The relationship between self-reported quality of life and disability and disease severity was evaluated in subjects with treatment-failure gout (n = 110) in a prospective, 52-week, observational study.


Subjects had symptomatic crystal-proven gout of at least 2 years' duration and intolerance or refractoriness to conventional urate-lowering therapy. Serum uric acid (sUA) concentration, swollen and tender joint counts, frequency and severity of gout flares, tophus assessments, comorbidities, and patient-reported outcomes data [Medical Outcomes Study Short Form-36 (SF-36), Health Assessment Questionnaire-Damage Index] were collected. Analyses included correlations of patient-reported outcomes with clinical variables and changes in clinical status.

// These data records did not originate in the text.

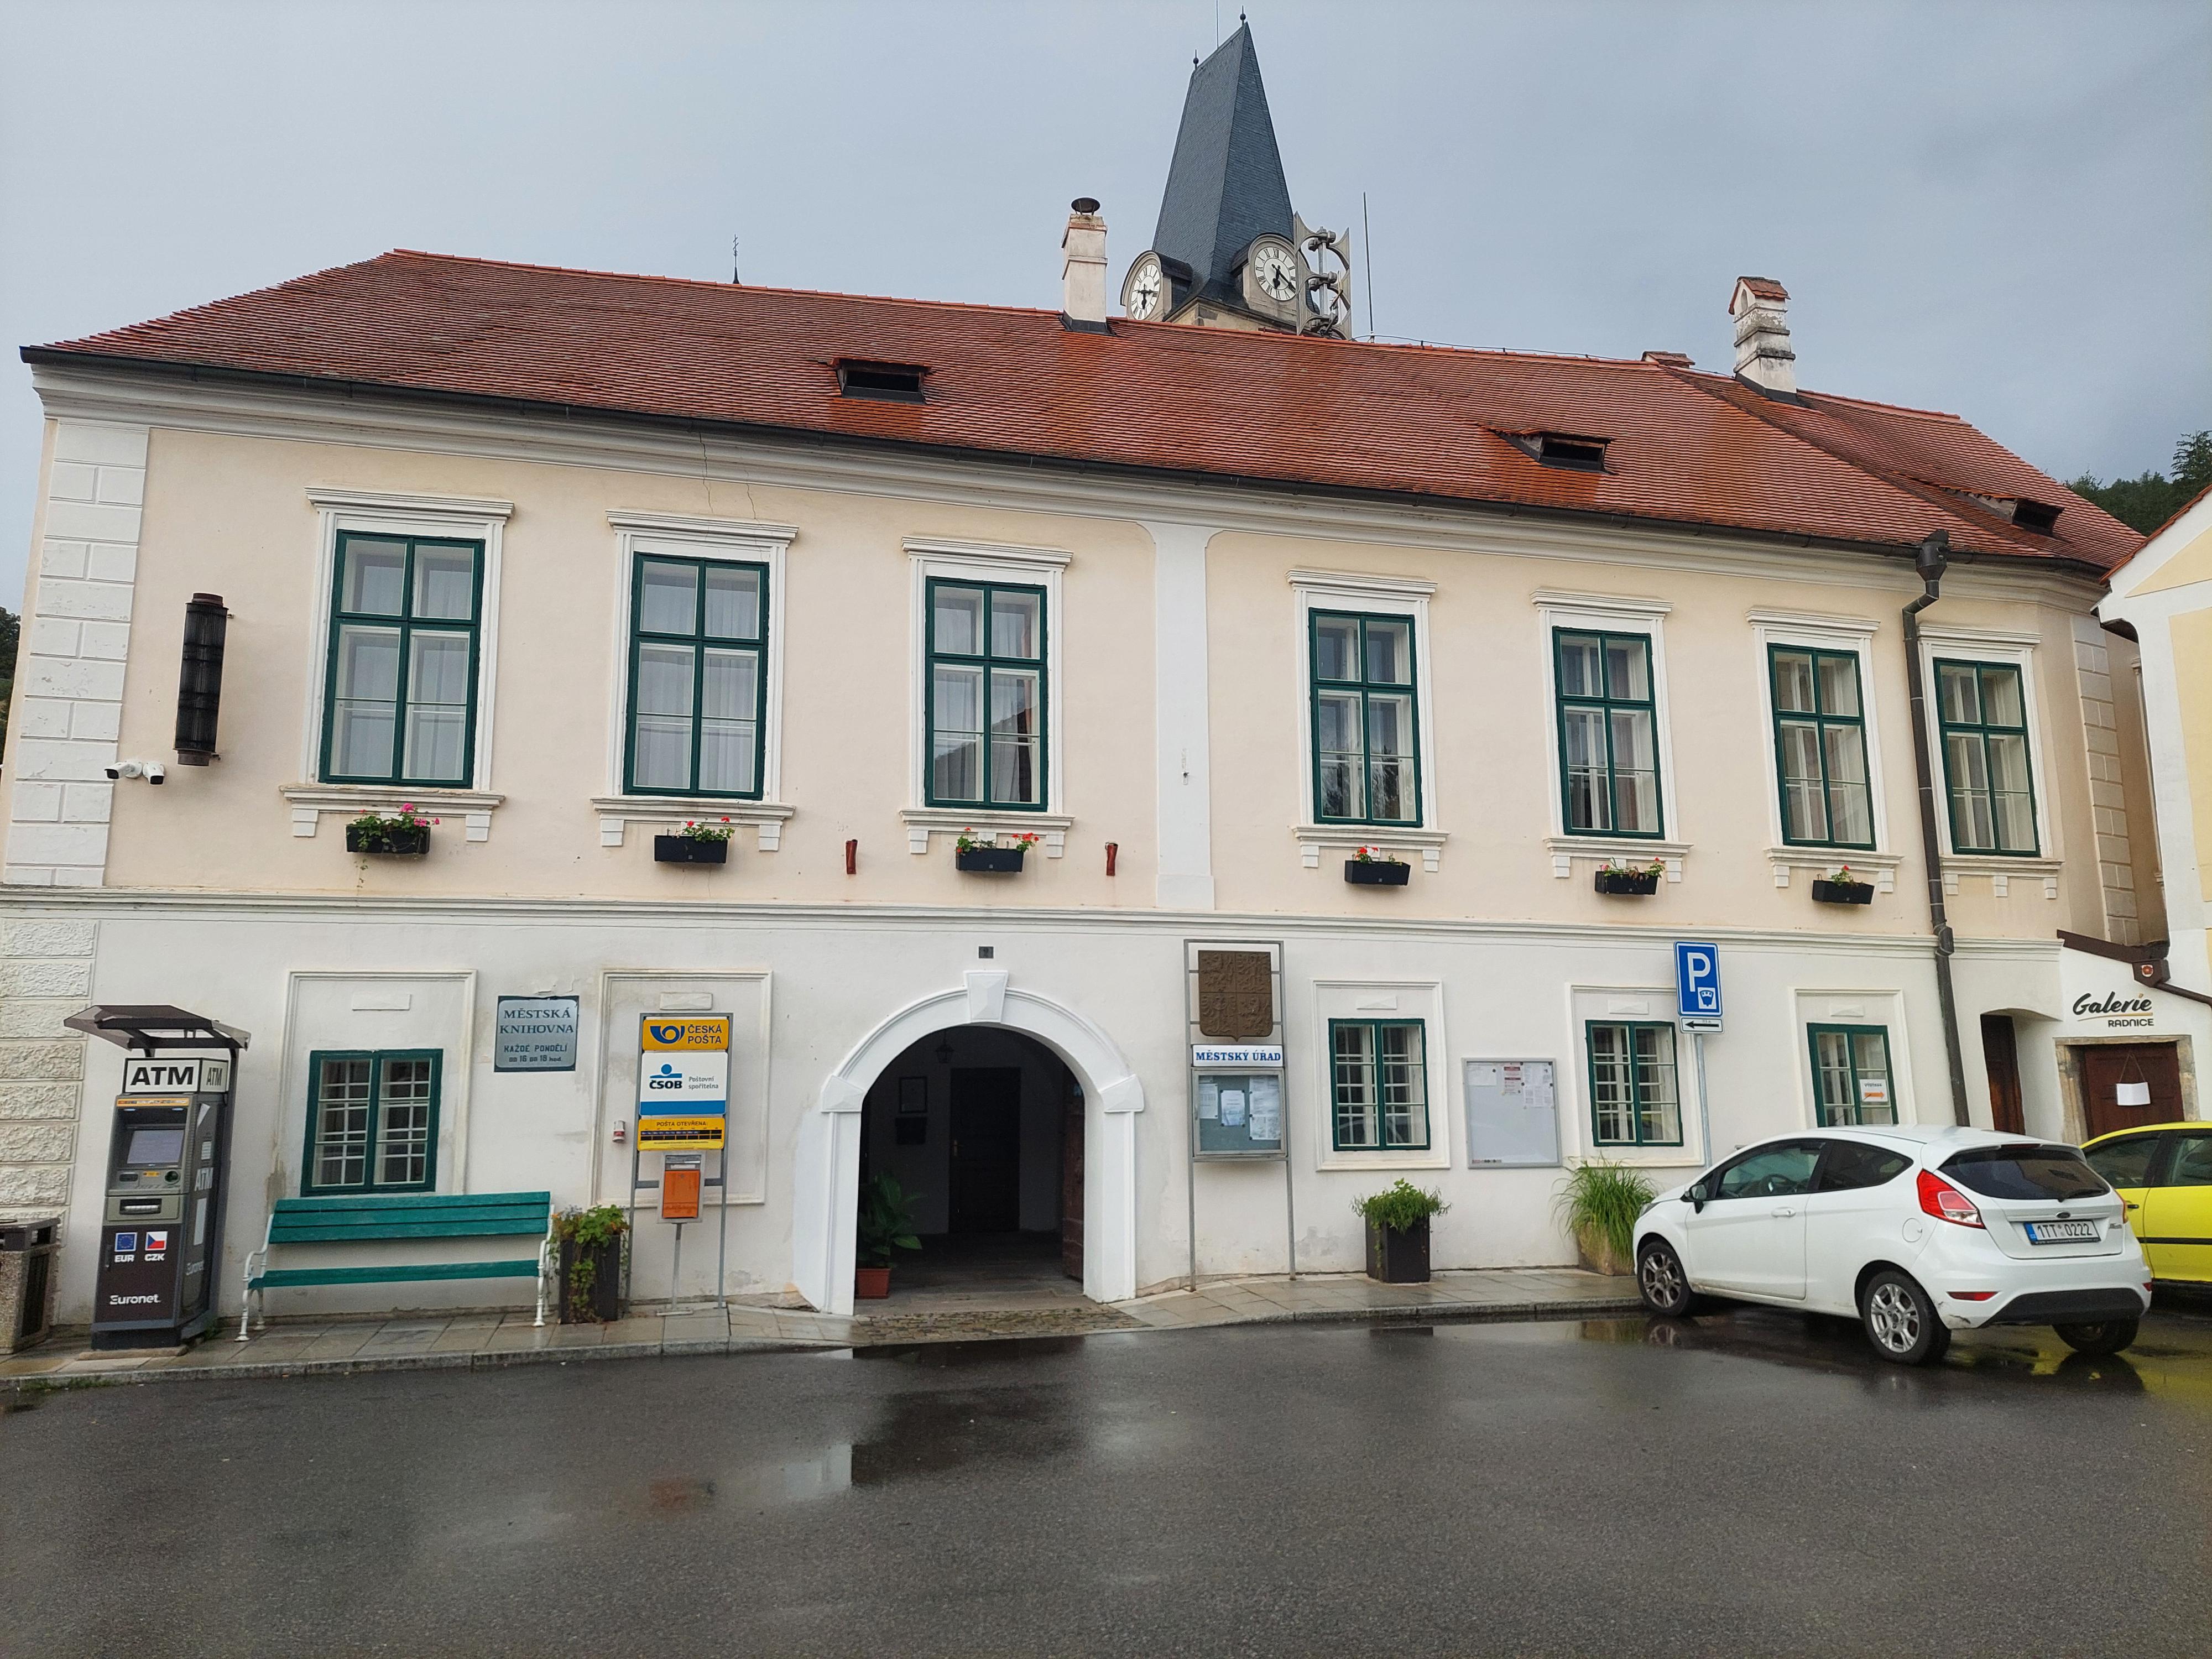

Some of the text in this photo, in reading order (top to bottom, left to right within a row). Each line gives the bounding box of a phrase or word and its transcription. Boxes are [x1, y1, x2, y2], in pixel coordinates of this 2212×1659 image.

[1687, 952, 1711, 992] P
[2073, 991, 2152, 1015] Galerie
[504, 1007, 571, 1019] MĚSTSKÁ
[2107, 1019, 2154, 1027] RADNICE
[500, 1025, 573, 1034] KNIHOVNA
[687, 1024, 722, 1034] ČESKÁ
[687, 1034, 722, 1044] POŠTA
[504, 1042, 568, 1052] KAŽDÉ PONDĚLÍ
[1196, 1050, 1281, 1061] MĚSTSKÝ ÚŘAD
[131, 1066, 194, 1086] ATM
[206, 1067, 223, 1086] ATM
[649, 1079, 682, 1089] ČSOB
[195, 1167, 213, 1191] ATM
[2037, 1223, 2093, 1239] 1TT 0222
[114, 1254, 134, 1262] EUR
[144, 1253, 165, 1261] CZK

Mean age of study subjects was 59 years. Mean scores on SF-36 physical functioning subscales were 34.2-46.8, analogous to persons aged >or= 75 years in the general population. Subjects with more severe gout at baseline had worse health-related quality of life (HRQOL) in all areas (p < 0.02 for all measures), compared to patients with mild-moderate disease. Number of flares reported in past year, number of tender joints, swollen joints, and tophi correlated significantly with some or all HRQOL and disability measures. sUA was not significantly correlated with any HRQOL or disability measure. Subjects with comorbidities experienced worse physical, but not mental, functioning.


Severe gout is associated with poor HRQOL and disability, especially for patients who experience more gout flares and have a greater number of involved joints. Subject perceptions of gout-related functioning and pain severity appear to be highly sensitive indicators of HRQOL and disability.